Exercise aim – Omit the images and return the remaining entries unchanged.

Dataset –
=-=-=-=-=

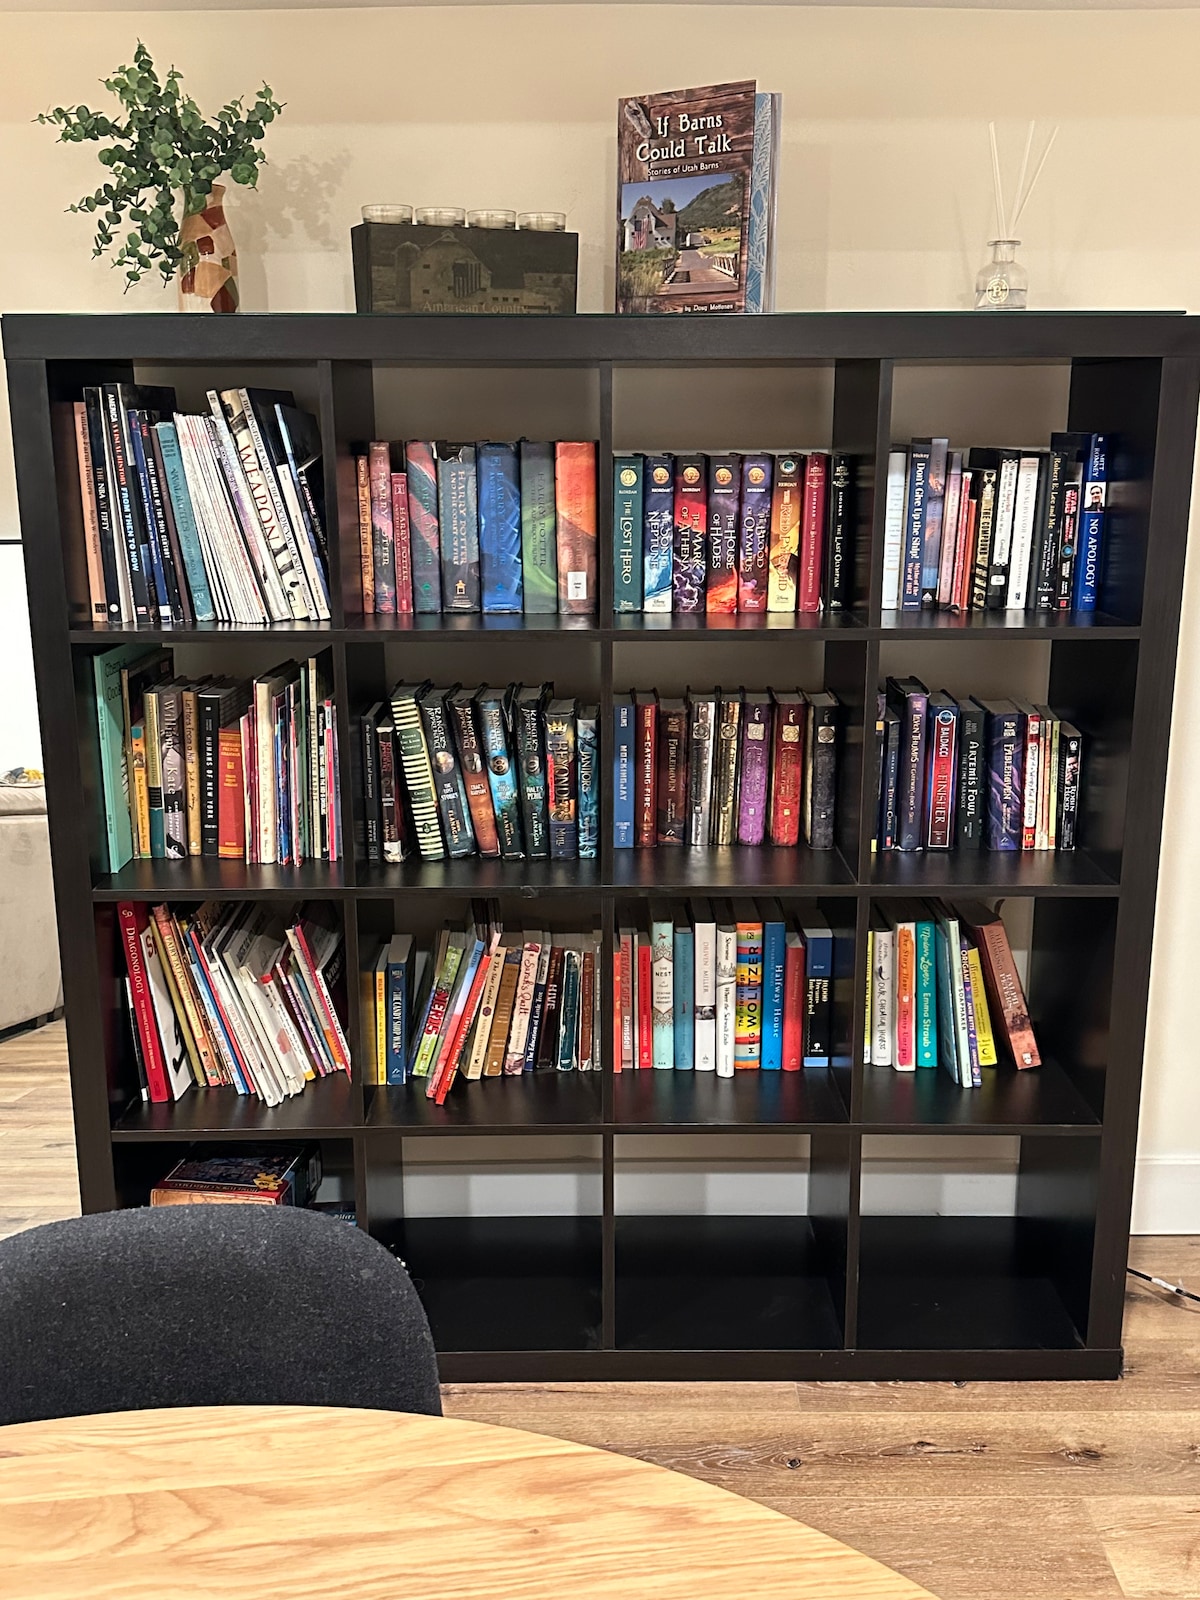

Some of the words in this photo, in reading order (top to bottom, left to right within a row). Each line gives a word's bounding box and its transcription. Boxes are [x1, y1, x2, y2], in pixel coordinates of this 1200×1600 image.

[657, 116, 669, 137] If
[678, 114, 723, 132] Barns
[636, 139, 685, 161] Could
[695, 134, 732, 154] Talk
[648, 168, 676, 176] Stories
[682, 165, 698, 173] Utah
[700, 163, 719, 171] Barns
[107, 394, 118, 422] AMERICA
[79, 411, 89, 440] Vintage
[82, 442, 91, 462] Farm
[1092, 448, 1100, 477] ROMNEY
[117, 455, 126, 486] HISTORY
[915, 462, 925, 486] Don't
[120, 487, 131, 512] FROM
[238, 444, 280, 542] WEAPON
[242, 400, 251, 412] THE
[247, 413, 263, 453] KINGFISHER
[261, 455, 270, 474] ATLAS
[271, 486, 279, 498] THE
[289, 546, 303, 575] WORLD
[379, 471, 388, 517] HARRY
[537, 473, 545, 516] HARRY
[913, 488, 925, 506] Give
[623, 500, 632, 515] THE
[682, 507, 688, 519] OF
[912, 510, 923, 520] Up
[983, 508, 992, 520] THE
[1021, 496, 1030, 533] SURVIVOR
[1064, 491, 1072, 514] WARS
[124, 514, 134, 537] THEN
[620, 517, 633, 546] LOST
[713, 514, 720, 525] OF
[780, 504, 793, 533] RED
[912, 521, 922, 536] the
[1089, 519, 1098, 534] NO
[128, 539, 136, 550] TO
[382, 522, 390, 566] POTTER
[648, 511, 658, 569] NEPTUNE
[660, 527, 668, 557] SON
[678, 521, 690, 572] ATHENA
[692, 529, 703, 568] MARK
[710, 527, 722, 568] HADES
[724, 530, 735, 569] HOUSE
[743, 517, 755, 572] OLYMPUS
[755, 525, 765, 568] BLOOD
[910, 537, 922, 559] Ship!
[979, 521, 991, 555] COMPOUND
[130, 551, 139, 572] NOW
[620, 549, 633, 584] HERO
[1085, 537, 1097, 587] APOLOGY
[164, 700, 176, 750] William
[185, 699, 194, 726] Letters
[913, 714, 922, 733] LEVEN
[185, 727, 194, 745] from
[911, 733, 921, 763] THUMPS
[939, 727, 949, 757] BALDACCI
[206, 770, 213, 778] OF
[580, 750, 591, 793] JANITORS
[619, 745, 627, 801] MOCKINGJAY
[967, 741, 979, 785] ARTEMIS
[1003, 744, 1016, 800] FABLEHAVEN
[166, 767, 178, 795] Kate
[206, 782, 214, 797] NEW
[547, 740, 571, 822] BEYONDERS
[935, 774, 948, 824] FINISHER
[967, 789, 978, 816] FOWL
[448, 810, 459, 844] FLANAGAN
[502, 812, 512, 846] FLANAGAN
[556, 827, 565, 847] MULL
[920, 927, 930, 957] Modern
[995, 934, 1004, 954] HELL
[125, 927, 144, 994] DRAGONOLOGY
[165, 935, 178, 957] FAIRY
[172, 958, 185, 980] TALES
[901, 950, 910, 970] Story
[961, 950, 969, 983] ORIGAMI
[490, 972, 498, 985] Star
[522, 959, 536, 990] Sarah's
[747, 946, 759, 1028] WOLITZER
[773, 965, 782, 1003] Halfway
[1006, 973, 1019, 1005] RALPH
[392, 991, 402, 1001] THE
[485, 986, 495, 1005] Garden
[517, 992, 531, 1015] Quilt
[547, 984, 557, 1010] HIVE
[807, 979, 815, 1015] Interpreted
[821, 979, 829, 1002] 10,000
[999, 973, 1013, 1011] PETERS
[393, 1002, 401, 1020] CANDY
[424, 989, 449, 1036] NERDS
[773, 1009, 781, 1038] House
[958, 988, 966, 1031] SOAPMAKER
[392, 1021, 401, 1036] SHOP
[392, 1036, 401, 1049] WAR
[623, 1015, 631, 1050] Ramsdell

=-=-=-=-=

Response to the exercise –
Some of the words in this photo, in reading order (top to bottom, left to right within a row). Each line gives a word's bounding box and its transcription. Boxes are [x1, y1, x2, y2], in pixel coordinates of this 1200×1600 image.

[657, 116, 669, 137] If
[678, 114, 723, 132] Barns
[636, 139, 685, 161] Could
[695, 134, 732, 154] Talk
[648, 168, 676, 176] Stories
[682, 165, 698, 173] Utah
[700, 163, 719, 171] Barns
[107, 394, 118, 422] AMERICA
[79, 411, 89, 440] Vintage
[82, 442, 91, 462] Farm
[1092, 448, 1100, 477] ROMNEY
[117, 455, 126, 486] HISTORY
[915, 462, 925, 486] Don't
[120, 487, 131, 512] FROM
[238, 444, 280, 542] WEAPON
[242, 400, 251, 412] THE
[247, 413, 263, 453] KINGFISHER
[261, 455, 270, 474] ATLAS
[271, 486, 279, 498] THE
[289, 546, 303, 575] WORLD
[379, 471, 388, 517] HARRY
[537, 473, 545, 516] HARRY
[913, 488, 925, 506] Give
[623, 500, 632, 515] THE
[682, 507, 688, 519] OF
[912, 510, 923, 520] Up
[983, 508, 992, 520] THE
[1021, 496, 1030, 533] SURVIVOR
[1064, 491, 1072, 514] WARS
[124, 514, 134, 537] THEN
[620, 517, 633, 546] LOST
[713, 514, 720, 525] OF
[780, 504, 793, 533] RED
[912, 521, 922, 536] the
[1089, 519, 1098, 534] NO
[128, 539, 136, 550] TO
[382, 522, 390, 566] POTTER
[648, 511, 658, 569] NEPTUNE
[660, 527, 668, 557] SON
[678, 521, 690, 572] ATHENA
[692, 529, 703, 568] MARK
[710, 527, 722, 568] HADES
[724, 530, 735, 569] HOUSE
[743, 517, 755, 572] OLYMPUS
[755, 525, 765, 568] BLOOD
[910, 537, 922, 559] Ship!
[979, 521, 991, 555] COMPOUND
[130, 551, 139, 572] NOW
[620, 549, 633, 584] HERO
[1085, 537, 1097, 587] APOLOGY
[164, 700, 176, 750] William
[185, 699, 194, 726] Letters
[913, 714, 922, 733] LEVEN
[185, 727, 194, 745] from
[911, 733, 921, 763] THUMPS
[939, 727, 949, 757] BALDACCI
[206, 770, 213, 778] OF
[580, 750, 591, 793] JANITORS
[619, 745, 627, 801] MOCKINGJAY
[967, 741, 979, 785] ARTEMIS
[1003, 744, 1016, 800] FABLEHAVEN
[166, 767, 178, 795] Kate
[206, 782, 214, 797] NEW
[547, 740, 571, 822] BEYONDERS
[935, 774, 948, 824] FINISHER
[967, 789, 978, 816] FOWL
[448, 810, 459, 844] FLANAGAN
[502, 812, 512, 846] FLANAGAN
[556, 827, 565, 847] MULL
[920, 927, 930, 957] Modern
[995, 934, 1004, 954] HELL
[125, 927, 144, 994] DRAGONOLOGY
[165, 935, 178, 957] FAIRY
[172, 958, 185, 980] TALES
[901, 950, 910, 970] Story
[961, 950, 969, 983] ORIGAMI
[490, 972, 498, 985] Star
[522, 959, 536, 990] Sarah's
[747, 946, 759, 1028] WOLITZER
[773, 965, 782, 1003] Halfway
[1006, 973, 1019, 1005] RALPH
[392, 991, 402, 1001] THE
[485, 986, 495, 1005] Garden
[517, 992, 531, 1015] Quilt
[547, 984, 557, 1010] HIVE
[807, 979, 815, 1015] Interpreted
[821, 979, 829, 1002] 10,000
[999, 973, 1013, 1011] PETERS
[393, 1002, 401, 1020] CANDY
[424, 989, 449, 1036] NERDS
[773, 1009, 781, 1038] House
[958, 988, 966, 1031] SOAPMAKER
[392, 1021, 401, 1036] SHOP
[392, 1036, 401, 1049] WAR
[623, 1015, 631, 1050] Ramsdell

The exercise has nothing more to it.